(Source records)
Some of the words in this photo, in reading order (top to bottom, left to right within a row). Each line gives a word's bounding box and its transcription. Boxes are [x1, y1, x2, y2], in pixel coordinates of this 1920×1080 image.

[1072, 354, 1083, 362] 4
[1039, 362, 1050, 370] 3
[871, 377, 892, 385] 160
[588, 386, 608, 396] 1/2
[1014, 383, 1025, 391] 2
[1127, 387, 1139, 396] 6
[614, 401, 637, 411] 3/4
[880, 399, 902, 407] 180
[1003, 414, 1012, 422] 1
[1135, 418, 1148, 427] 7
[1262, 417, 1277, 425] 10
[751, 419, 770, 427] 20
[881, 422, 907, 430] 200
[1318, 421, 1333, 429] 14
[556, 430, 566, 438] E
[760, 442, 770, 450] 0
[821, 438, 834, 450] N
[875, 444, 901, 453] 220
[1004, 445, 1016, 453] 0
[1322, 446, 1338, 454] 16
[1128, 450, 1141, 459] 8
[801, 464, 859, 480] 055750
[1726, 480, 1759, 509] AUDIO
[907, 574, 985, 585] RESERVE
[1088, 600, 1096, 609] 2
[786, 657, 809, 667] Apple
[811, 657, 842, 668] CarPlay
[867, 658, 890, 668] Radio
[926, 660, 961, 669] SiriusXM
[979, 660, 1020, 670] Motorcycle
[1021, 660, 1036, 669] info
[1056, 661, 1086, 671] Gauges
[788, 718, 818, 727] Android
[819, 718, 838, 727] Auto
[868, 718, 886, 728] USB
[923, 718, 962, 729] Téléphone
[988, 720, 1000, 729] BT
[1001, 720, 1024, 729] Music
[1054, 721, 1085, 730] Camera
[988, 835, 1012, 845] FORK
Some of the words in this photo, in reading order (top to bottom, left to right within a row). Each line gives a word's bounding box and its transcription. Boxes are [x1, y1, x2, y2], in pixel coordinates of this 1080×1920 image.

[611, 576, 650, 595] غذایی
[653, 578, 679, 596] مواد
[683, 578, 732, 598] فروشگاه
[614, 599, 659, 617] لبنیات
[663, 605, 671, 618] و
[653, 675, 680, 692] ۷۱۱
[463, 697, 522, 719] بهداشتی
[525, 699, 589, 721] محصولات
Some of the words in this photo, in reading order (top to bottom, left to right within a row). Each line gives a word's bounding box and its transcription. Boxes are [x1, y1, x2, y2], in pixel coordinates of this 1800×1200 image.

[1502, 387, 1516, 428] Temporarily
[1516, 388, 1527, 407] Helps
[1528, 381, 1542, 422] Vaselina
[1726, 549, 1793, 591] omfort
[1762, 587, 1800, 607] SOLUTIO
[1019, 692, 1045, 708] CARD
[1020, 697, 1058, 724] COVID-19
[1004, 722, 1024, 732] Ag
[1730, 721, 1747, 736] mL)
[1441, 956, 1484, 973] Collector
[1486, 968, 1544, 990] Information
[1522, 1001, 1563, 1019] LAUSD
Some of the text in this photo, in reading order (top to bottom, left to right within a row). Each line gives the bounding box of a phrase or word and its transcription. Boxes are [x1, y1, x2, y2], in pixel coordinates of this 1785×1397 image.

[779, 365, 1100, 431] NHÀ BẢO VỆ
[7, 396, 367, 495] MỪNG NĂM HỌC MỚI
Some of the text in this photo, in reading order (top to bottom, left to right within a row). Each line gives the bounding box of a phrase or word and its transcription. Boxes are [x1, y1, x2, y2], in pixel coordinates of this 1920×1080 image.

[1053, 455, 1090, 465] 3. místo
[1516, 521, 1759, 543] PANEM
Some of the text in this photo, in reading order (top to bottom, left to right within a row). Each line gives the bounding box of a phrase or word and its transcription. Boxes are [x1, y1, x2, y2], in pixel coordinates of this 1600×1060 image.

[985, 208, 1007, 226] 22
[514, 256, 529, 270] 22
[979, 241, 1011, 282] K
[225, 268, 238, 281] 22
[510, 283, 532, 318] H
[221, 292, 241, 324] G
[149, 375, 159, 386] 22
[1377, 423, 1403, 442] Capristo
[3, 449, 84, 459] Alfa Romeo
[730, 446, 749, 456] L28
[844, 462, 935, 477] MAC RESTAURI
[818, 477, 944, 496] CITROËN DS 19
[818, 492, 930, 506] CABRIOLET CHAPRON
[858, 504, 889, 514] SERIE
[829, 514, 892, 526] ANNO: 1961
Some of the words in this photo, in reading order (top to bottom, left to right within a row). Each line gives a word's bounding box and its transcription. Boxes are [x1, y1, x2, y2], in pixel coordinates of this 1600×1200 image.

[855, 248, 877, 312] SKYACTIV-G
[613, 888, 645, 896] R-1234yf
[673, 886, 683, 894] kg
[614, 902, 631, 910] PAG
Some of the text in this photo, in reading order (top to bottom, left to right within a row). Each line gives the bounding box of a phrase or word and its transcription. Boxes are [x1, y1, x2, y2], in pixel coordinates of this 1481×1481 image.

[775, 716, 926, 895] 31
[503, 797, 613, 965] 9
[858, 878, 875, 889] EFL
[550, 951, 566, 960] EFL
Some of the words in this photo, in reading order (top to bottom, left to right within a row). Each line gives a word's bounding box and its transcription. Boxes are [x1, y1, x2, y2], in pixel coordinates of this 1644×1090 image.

**Problem statement:** Your answer must be every record above, set down exactly as written.

**Solution for this task:**
Some of the words in this photo, in reading order (top to bottom, left to right within a row). Each line gives a word's bounding box and its transcription. Boxes are [x1, y1, x2, y2], in pixel coordinates of this 1920×1080 image.

[1072, 354, 1083, 362] 4
[1039, 362, 1050, 370] 3
[871, 377, 892, 385] 160
[588, 386, 608, 396] 1/2
[1014, 383, 1025, 391] 2
[1127, 387, 1139, 396] 6
[614, 401, 637, 411] 3/4
[880, 399, 902, 407] 180
[1003, 414, 1012, 422] 1
[1135, 418, 1148, 427] 7
[1262, 417, 1277, 425] 10
[751, 419, 770, 427] 20
[881, 422, 907, 430] 200
[1318, 421, 1333, 429] 14
[556, 430, 566, 438] E
[760, 442, 770, 450] 0
[821, 438, 834, 450] N
[875, 444, 901, 453] 220
[1004, 445, 1016, 453] 0
[1322, 446, 1338, 454] 16
[1128, 450, 1141, 459] 8
[801, 464, 859, 480] 055750
[1726, 480, 1759, 509] AUDIO
[907, 574, 985, 585] RESERVE
[1088, 600, 1096, 609] 2
[786, 657, 809, 667] Apple
[811, 657, 842, 668] CarPlay
[867, 658, 890, 668] Radio
[926, 660, 961, 669] SiriusXM
[979, 660, 1020, 670] Motorcycle
[1021, 660, 1036, 669] info
[1056, 661, 1086, 671] Gauges
[788, 718, 818, 727] Android
[819, 718, 838, 727] Auto
[868, 718, 886, 728] USB
[923, 718, 962, 729] Téléphone
[988, 720, 1000, 729] BT
[1001, 720, 1024, 729] Music
[1054, 721, 1085, 730] Camera
[988, 835, 1012, 845] FORK
Some of the words in this photo, in reading order (top to bottom, left to right within a row). Each line gives a word's bounding box and its transcription. Boxes are [x1, y1, x2, y2], in pixel coordinates of this 1080×1920 image.

[611, 576, 650, 595] غذایی
[653, 578, 679, 596] مواد
[683, 578, 732, 598] فروشگاه
[614, 599, 659, 617] لبنیات
[663, 605, 671, 618] و
[653, 675, 680, 692] ۷۱۱
[463, 697, 522, 719] بهداشتی
[525, 699, 589, 721] محصولات
Some of the words in this photo, in reading order (top to bottom, left to right within a row). Each line gives a word's bounding box and its transcription. Boxes are [x1, y1, x2, y2], in pixel coordinates of this 1800×1200 image.

[1502, 387, 1516, 428] Temporarily
[1516, 388, 1527, 407] Helps
[1528, 381, 1542, 422] Vaselina
[1726, 549, 1793, 591] omfort
[1762, 587, 1800, 607] SOLUTIO
[1019, 692, 1045, 708] CARD
[1020, 697, 1058, 724] COVID-19
[1004, 722, 1024, 732] Ag
[1730, 721, 1747, 736] mL)
[1441, 956, 1484, 973] Collector
[1486, 968, 1544, 990] Information
[1522, 1001, 1563, 1019] LAUSD
Some of the text in this photo, in reading order (top to bottom, left to right within a row). Each line gives the bounding box of a phrase or word and its transcription. Boxes are [x1, y1, x2, y2], in pixel coordinates of this 1785×1397 image.

[779, 365, 1100, 431] NHÀ BẢO VỆ
[7, 396, 367, 495] MỪNG NĂM HỌC MỚI
Some of the text in this photo, in reading order (top to bottom, left to right within a row). Each line gives the bounding box of a phrase or word and its transcription. Boxes are [x1, y1, x2, y2], in pixel coordinates of this 1920×1080 image.

[1053, 455, 1090, 465] 3. místo
[1516, 521, 1759, 543] PANEM
Some of the text in this photo, in reading order (top to bottom, left to right within a row). Each line gives the bounding box of a phrase or word and its transcription. Boxes are [x1, y1, x2, y2], in pixel coordinates of this 1600×1060 image.

[985, 208, 1007, 226] 22
[514, 256, 529, 270] 22
[979, 241, 1011, 282] K
[225, 268, 238, 281] 22
[510, 283, 532, 318] H
[221, 292, 241, 324] G
[149, 375, 159, 386] 22
[1377, 423, 1403, 442] Capristo
[3, 449, 84, 459] Alfa Romeo
[730, 446, 749, 456] L28
[844, 462, 935, 477] MAC RESTAURI
[818, 477, 944, 496] CITROËN DS 19
[818, 492, 930, 506] CABRIOLET CHAPRON
[858, 504, 889, 514] SERIE
[829, 514, 892, 526] ANNO: 1961
Some of the words in this photo, in reading order (top to bottom, left to right within a row). Each line gives a word's bounding box and its transcription. Boxes are [x1, y1, x2, y2], in pixel coordinates of this 1600×1200 image.

[855, 248, 877, 312] SKYACTIV-G
[613, 888, 645, 896] R-1234yf
[673, 886, 683, 894] kg
[614, 902, 631, 910] PAG
Some of the text in this photo, in reading order (top to bottom, left to right within a row). Each line gives the bounding box of a phrase or word and its transcription. Boxes are [x1, y1, x2, y2], in pixel coordinates of this 1481×1481 image.

[775, 716, 926, 895] 31
[503, 797, 613, 965] 9
[858, 878, 875, 889] EFL
[550, 951, 566, 960] EFL
Some of the words in this photo, in reading order (top to bottom, left to right within a row). Each line gives a word's bounding box and its transcription. Boxes are [x1, y1, x2, y2], in pixel coordinates of this 1644×1090 image.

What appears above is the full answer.